Monday, October 26, 2009

Irene Dunne


Irene Dunne was born Irene Marie Dunn on December 20, 1898 in Louisville, Kentucky. She was the daughter of Joseph Dunne, a steamship inspector, and Adelaide Henry, a musician.


Irene took an early interest in acting appearing at the age of five in a local production of A Midsummer Night's Dream in Louisville, Kentucky.

Irene began her career following in her mothers footsteps in music. In 1917 she studied at a music conservatory in Indianapolis. She also accepted a teaching post as a music and art instructor in East Chicago, Indiana. However, she never made it to the school. While on her way to East Chicago, she saw a newspaper ad in the Indianapolis Star and News for an annual scholarship contest run by the Chicago Music College. Irene won the contest, which enabled her to study there for a year.

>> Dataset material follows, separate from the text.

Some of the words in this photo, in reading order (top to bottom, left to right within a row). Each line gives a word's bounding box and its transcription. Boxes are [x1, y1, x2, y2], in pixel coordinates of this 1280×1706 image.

She next headed for New York City, at that time it was the entertainment capital of the world. She auditioned at the Metropolitan Opera Company. However, she was rejected for being too young and inexperienced.

Irene next turned her attention to musical theater and Broadway, making her Broadway debut in 1922 in The Clinging Vine.

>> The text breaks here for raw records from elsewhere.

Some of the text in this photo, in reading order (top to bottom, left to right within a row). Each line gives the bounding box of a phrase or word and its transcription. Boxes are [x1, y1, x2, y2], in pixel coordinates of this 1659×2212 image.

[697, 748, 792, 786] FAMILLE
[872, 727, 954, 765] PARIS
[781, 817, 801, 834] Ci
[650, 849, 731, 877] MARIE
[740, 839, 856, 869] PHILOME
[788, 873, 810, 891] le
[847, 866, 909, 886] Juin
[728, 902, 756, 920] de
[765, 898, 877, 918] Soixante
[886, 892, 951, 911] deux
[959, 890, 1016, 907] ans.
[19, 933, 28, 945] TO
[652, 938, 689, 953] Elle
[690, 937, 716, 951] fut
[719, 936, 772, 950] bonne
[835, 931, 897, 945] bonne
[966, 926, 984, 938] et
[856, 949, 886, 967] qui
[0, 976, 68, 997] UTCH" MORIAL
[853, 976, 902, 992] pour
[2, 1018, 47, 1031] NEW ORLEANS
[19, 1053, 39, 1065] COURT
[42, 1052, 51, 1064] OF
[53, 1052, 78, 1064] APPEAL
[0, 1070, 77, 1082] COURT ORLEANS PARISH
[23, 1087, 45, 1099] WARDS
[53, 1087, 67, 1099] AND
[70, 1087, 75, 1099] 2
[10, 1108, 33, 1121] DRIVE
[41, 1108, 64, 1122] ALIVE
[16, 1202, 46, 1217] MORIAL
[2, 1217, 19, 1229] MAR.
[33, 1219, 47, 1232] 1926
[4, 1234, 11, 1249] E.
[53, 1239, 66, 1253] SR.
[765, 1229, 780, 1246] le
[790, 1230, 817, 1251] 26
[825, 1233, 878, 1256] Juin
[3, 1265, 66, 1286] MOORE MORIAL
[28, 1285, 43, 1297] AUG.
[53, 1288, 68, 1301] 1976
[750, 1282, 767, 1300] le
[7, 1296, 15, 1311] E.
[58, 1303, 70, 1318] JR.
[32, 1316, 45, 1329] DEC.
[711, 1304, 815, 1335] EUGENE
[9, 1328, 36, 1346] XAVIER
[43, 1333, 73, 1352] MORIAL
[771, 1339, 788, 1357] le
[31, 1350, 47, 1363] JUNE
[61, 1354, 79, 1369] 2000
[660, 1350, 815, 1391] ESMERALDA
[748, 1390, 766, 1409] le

Her big break in musical theater came by chance. She had a chance meeting with Florenz Ziegfeld in an elevator the day after she returned from her honeymoon. She was cast as Magnolia Hawks in Show Boat.

Her performance in Show Boat caught the attention of Hollywood. In 1930 she signed with RKO Pictures. Her first film was Leathernecking (1930). However, her big Hollywood break came the next year when she appeared in Cimarron (1931) receiving her first Academy Award nomination for Best Actress.

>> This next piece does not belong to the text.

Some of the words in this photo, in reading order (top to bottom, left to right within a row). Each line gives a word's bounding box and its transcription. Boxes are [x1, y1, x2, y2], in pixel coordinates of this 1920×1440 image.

In 1936, she was cast as Magnolia in the movie Show Boat. Due to her comic skits in Show Boat, she was persuaded to star in her first comedy, Theodora Goes Wild (1936), this performance earned her second Academy Award nomination for Best Actress.

Irene would earn three more Academy Award nominations for her performances in The Awful Truth (1937), Love Affair (1939) and I Remember Mama (1948).

Some of Irene's other most notable movies include My Favorite Wife (1940), Penny Serenade (1941), A Guy Named Joe (1943), Anna and the King of Siam (1946), and Life with Father (1947).


Of all of Irene's films her only color production was Life with Father (1947).

Her last film appearance was in It Grows on Trees (1952).

After retiring from the silver screen, Irene Dunne devoted her time to civic, philanthropic, and Republican political causes.

In 1957 she was appointed as a special US delegate to the United Nations during the 12th General Assembly by President Eisenhower.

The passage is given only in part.